In interviews in the past year and a half, Stephanie Miller expressed hope that her husband might be alive somewhere in the world.

“Until you give me proof that something else has happened to him, I have to believe that he’s still out there, who knows where,” she told Canadian news station Newstalk 1010 last year.

But by December 2019, Miller’s loved ones were hoping for closure.

“We are keeping our fingers crossed, as strange as that may sound. We are hoping that it’s Paul because it’s been a long year and a half,” Miller’s sister, Dawne Robinson, told CTV News in Canada.

Stephanie provided a statement to CTV, saying, “The family is hopeful this whole nightmare can be over soon.”

A hike that almost didn’t happen

The Canadian couple were on their final day of their anniversary trip through the American West when Paul Miller went missing. They visited Bryce Canyon, Zion and Grand Canyon before capping off their trip at Joshua Tree National Park.
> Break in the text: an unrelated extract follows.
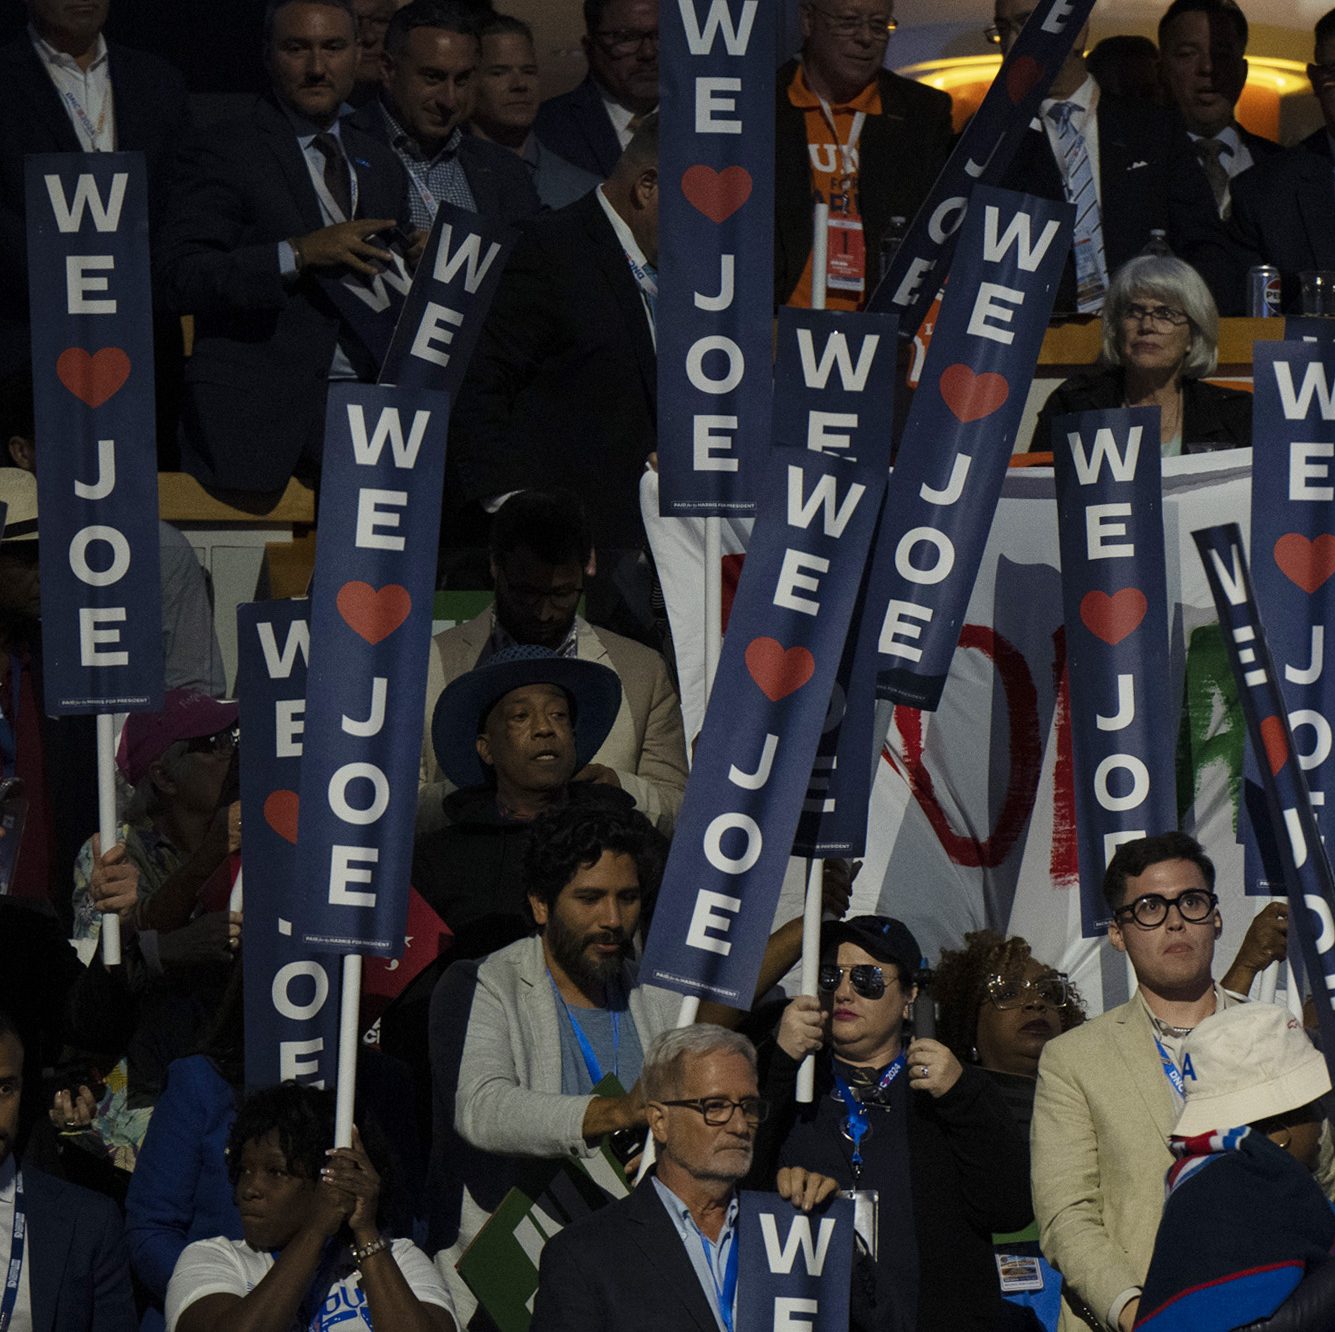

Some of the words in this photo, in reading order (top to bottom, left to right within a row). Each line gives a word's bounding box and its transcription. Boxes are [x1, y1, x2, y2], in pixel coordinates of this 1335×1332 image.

They had meant to hike the 49 Palms trail together earlier in their visit to Joshua Tree, but it was raining and they postponed it to the final day, Stephanie Miller told reporters.

Paul left their hotel room after breakfast, around 9 a.m. July 13.

When he hadn’t returned by noon, Stephanie alerted park rangers.

Rangers started a search immediately, and eventually up to 90 people on the ground, six search dogs, an all-terrain vehicle and a helicopter crew joined the hunt for Miller. No sign was found besides his rental car, which was left in the parking lot of the 49 Palms trailhead, inside the park from an entrance in Twentynine Palms.

In November 2019, a nonprofit association of drone pilots, Western States Aerial Search, got permission to fly over the terrain where Miller went missing.

The drones took 6,711 images, which the pilots uploaded to DropBox, an online file-storage service. Volunteers began scouring the photographs for signs of Miller.

Two of them, Sara Francis Kelley and Morgan Clements, found evidence of human remains in the photos, said Greg Nuckolls, founder of Western States Aerial Search. The nonprofit notified rangers on Dec. 19, providing GPS coordinates of the rocky, steep location.

Law enforcement rangers hiked to the spot the next day and found human skeletal remains and personal belongings.

The remains appeared to have been tucked into steep terrain far from trails for some time, according to the national park.

The Miller family expected to announce details for a memorial service when they returned to Canada. Otten said they were asking for privacy in these final steps.

“Please keep Paul’s loved ones in your thoughts and prayers as they traverse the difficult end to the journey to bring Paul home,” she wrote.